肩関節(肩甲上腕関節)は肩甲骨と上腕骨で構成される関節です。
肩甲骨関節窩の面積は上腕骨頭に対して約1/3〜1/4ということもあり、骨性に不安定であることが分かります。これを一般的には、ゴルフボール(上腕骨頭)とティ(肩甲骨関節窩)の関係で表していることが多いです。

ゴルフボールとティ

逆に骨の安定性が少ないために、肩関節は大きな可動範囲を有しているとも言えます。

この骨の不安定性を補うために肩関節周囲は靭帯・関節包・筋肉によって覆われており、肩関節の安定化に寄与しています。

肩関節後面の骨模型

上記のように、肩関節は関節の中でも脱臼しやすい構造をしており、そのほとんどが前方へ脱臼します。

一度脱臼の既往歴があると、その後繰り返し脱臼をしてしまう可能性が高くなり、そのような状態を『反復性肩関節脱臼』といいます。

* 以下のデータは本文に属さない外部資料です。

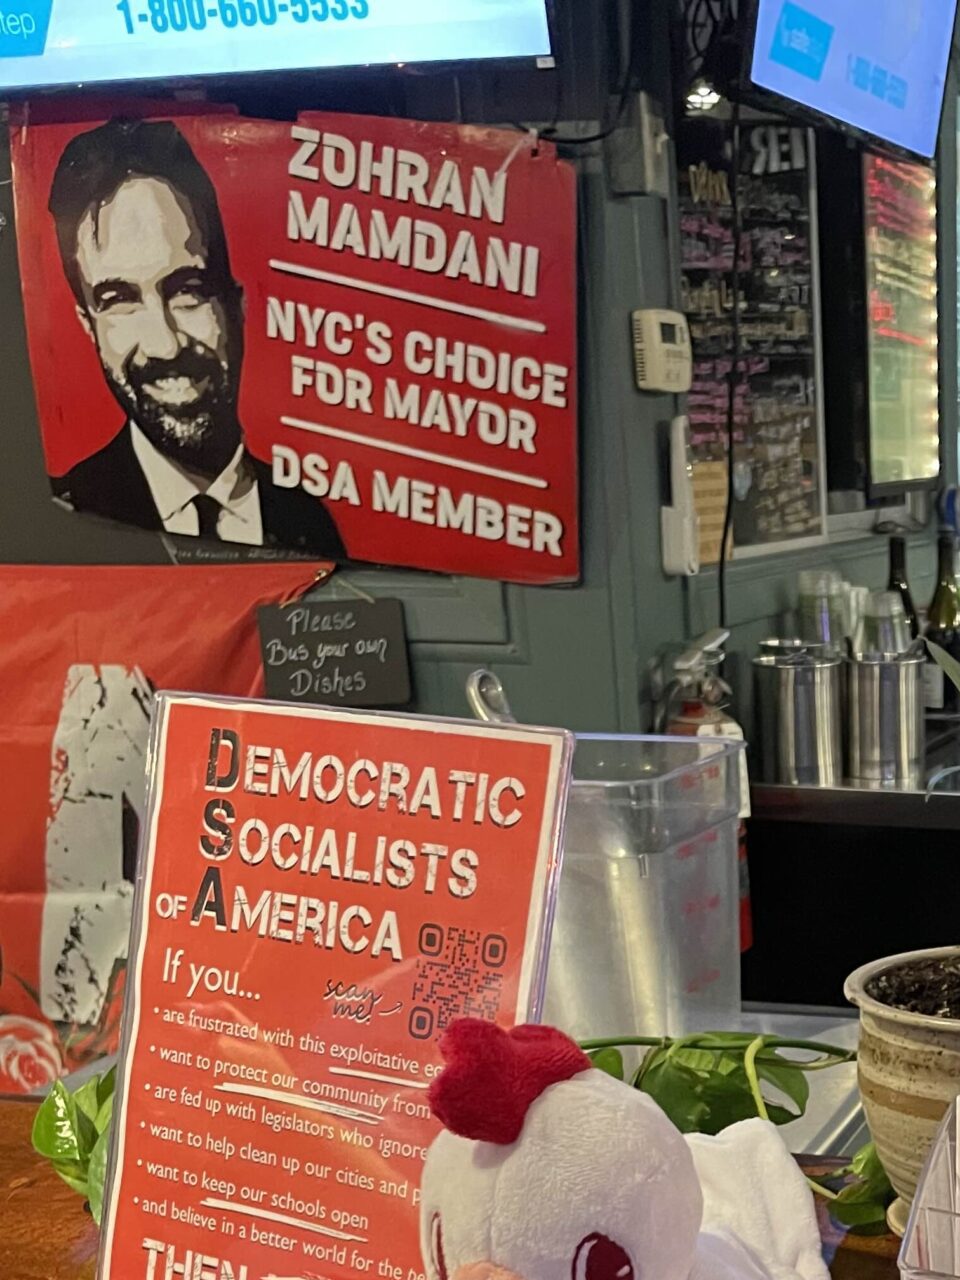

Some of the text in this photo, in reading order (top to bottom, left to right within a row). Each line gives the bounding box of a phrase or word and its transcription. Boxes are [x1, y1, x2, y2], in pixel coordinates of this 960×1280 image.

[0, 11, 36, 35] tep
[288, 124, 508, 224] ZOHRAN
[287, 190, 540, 297] MAMDANI
[266, 296, 569, 408] NYC'S CHOICE
[291, 354, 537, 454] FOR MAYOR
[271, 444, 563, 557] DSA MEMBER
[266, 638, 309, 667] Bus
[312, 642, 350, 669] your
[286, 608, 356, 636] Please
[289, 666, 367, 697] Dishes
[204, 727, 526, 828] DEMOCRATIC
[198, 798, 480, 899] SOCIALISTS
[155, 866, 404, 962] OF AMERICA
[162, 947, 262, 1001] If you...
[322, 978, 385, 1004] scan
[163, 1007, 185, 1025] are
[188, 1013, 258, 1041] frustrated
[263, 1027, 294, 1048] with
[299, 1033, 326, 1056] this
[329, 1041, 419, 1075] exploitative
[159, 1045, 432, 1120] want to protect our community from
[149, 1123, 183, 1144] want
[187, 1129, 203, 1149] to
[205, 1132, 236, 1160] help
[239, 1142, 278, 1167] clean
[281, 1154, 301, 1176] up
[304, 1158, 333, 1180] our
[335, 1164, 375, 1192] cities
[378, 1172, 409, 1199] and
[154, 1083, 428, 1162] are fed up with legislators who ignore
[146, 1161, 370, 1231] want to keep our schools open
[142, 1196, 167, 1218] and
[170, 1200, 217, 1232] believe
[220, 1215, 235, 1237] in
[238, 1222, 247, 1240] a
[250, 1222, 298, 1252] better
[302, 1238, 348, 1266] world
[350, 1249, 375, 1275] for
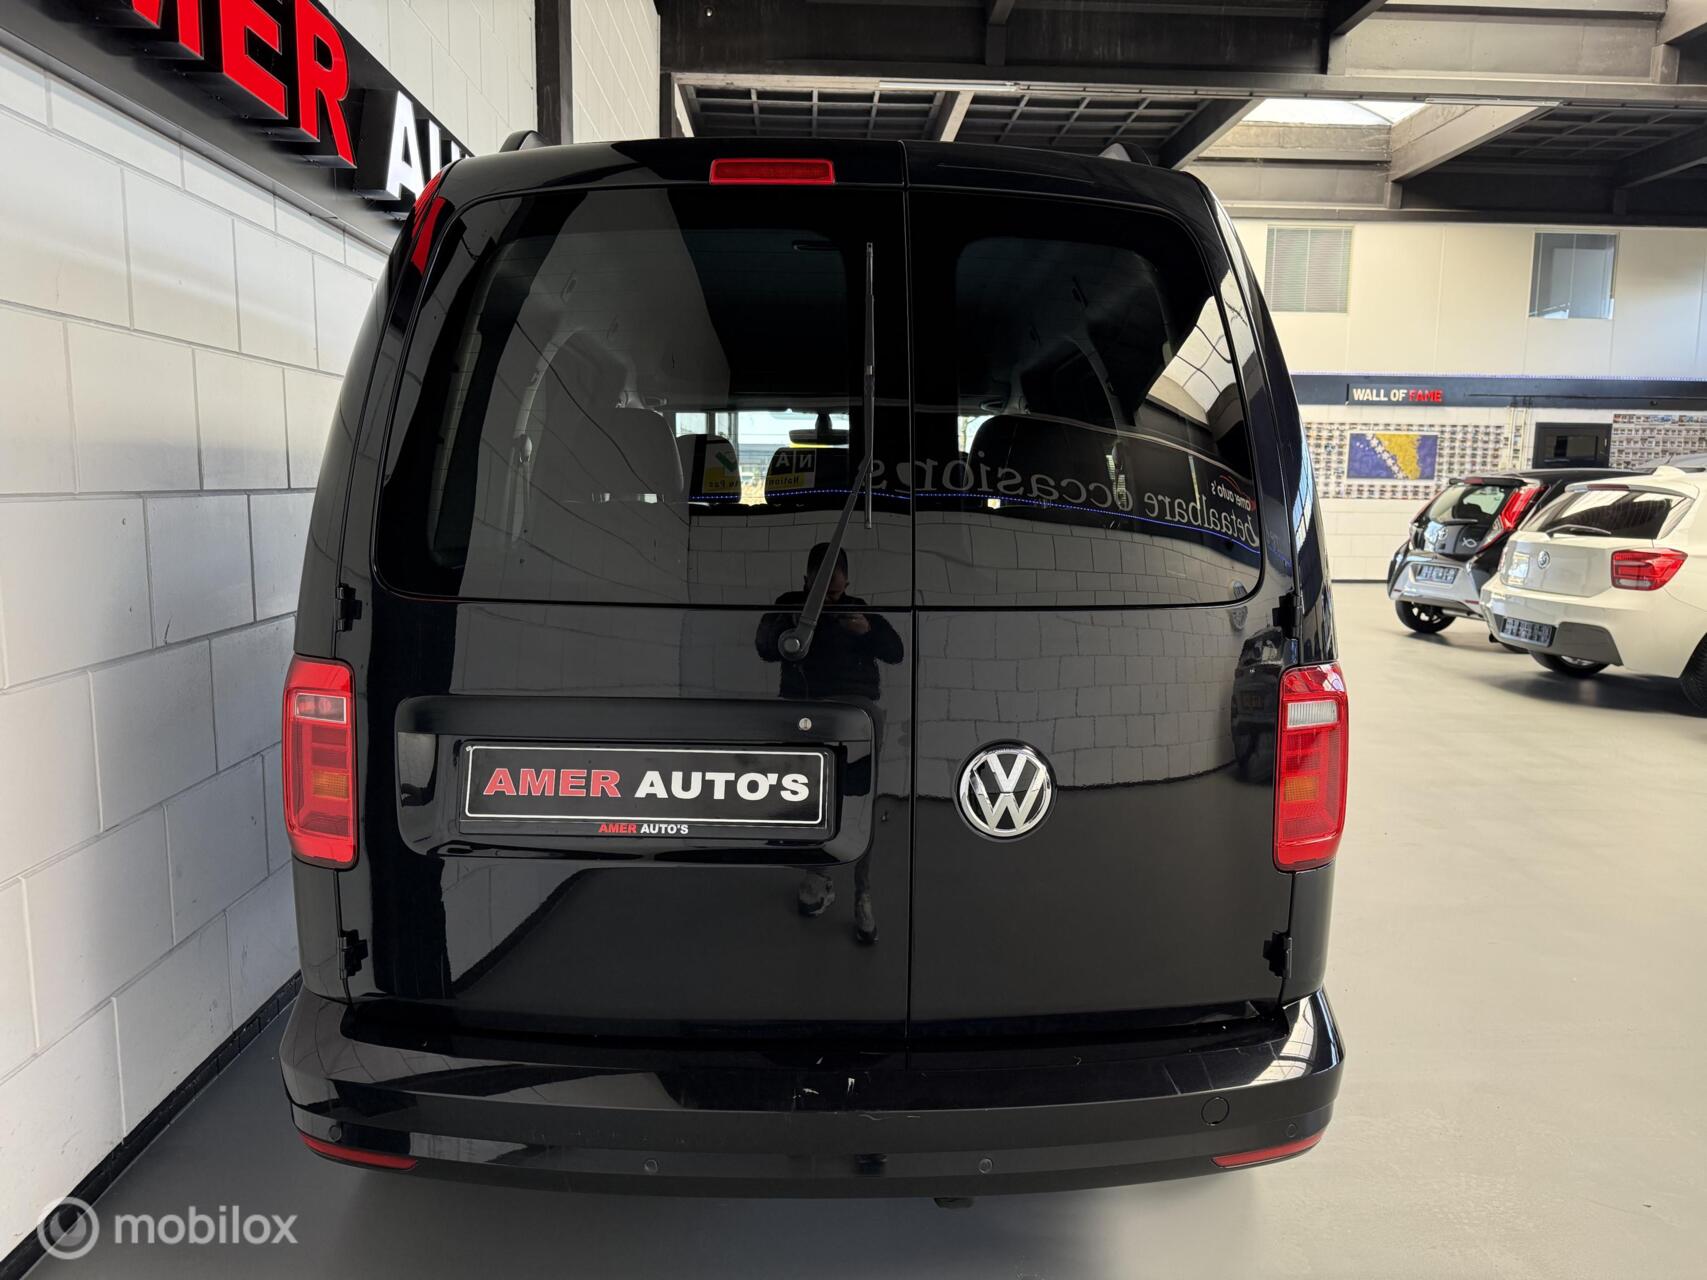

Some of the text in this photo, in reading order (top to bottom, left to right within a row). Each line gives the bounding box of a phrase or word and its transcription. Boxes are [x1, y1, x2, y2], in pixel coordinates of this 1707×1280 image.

[131, 0, 357, 168] ER
[1352, 388, 1444, 403] WALL OF FAME
[483, 768, 810, 802] AMER AUTO'S
[598, 823, 689, 835] AMER AUTO'S

脱臼の際に、肩甲骨側に問題が生じるのが『Bankart Lesion(バンカート損傷)』上腕骨頭側に問題が生じるのが『Hill-Sachs Lesion(ヒル・サックス損傷)』となります。

今回の記事では、Bankart Lesionの病態・原因と分類についてまとめていきます。

Hill-Sachs Lesionに関しては、こちらの記事で詳しく解説していますので、併せてご参照ください。

Bankart Lesionの病態

Bankart Lesionは、肩関節の前方脱臼が繰り返される(反復性肩関節脱臼)ことによって引き起こされる関節唇前部(前下部)の損傷・剥離です。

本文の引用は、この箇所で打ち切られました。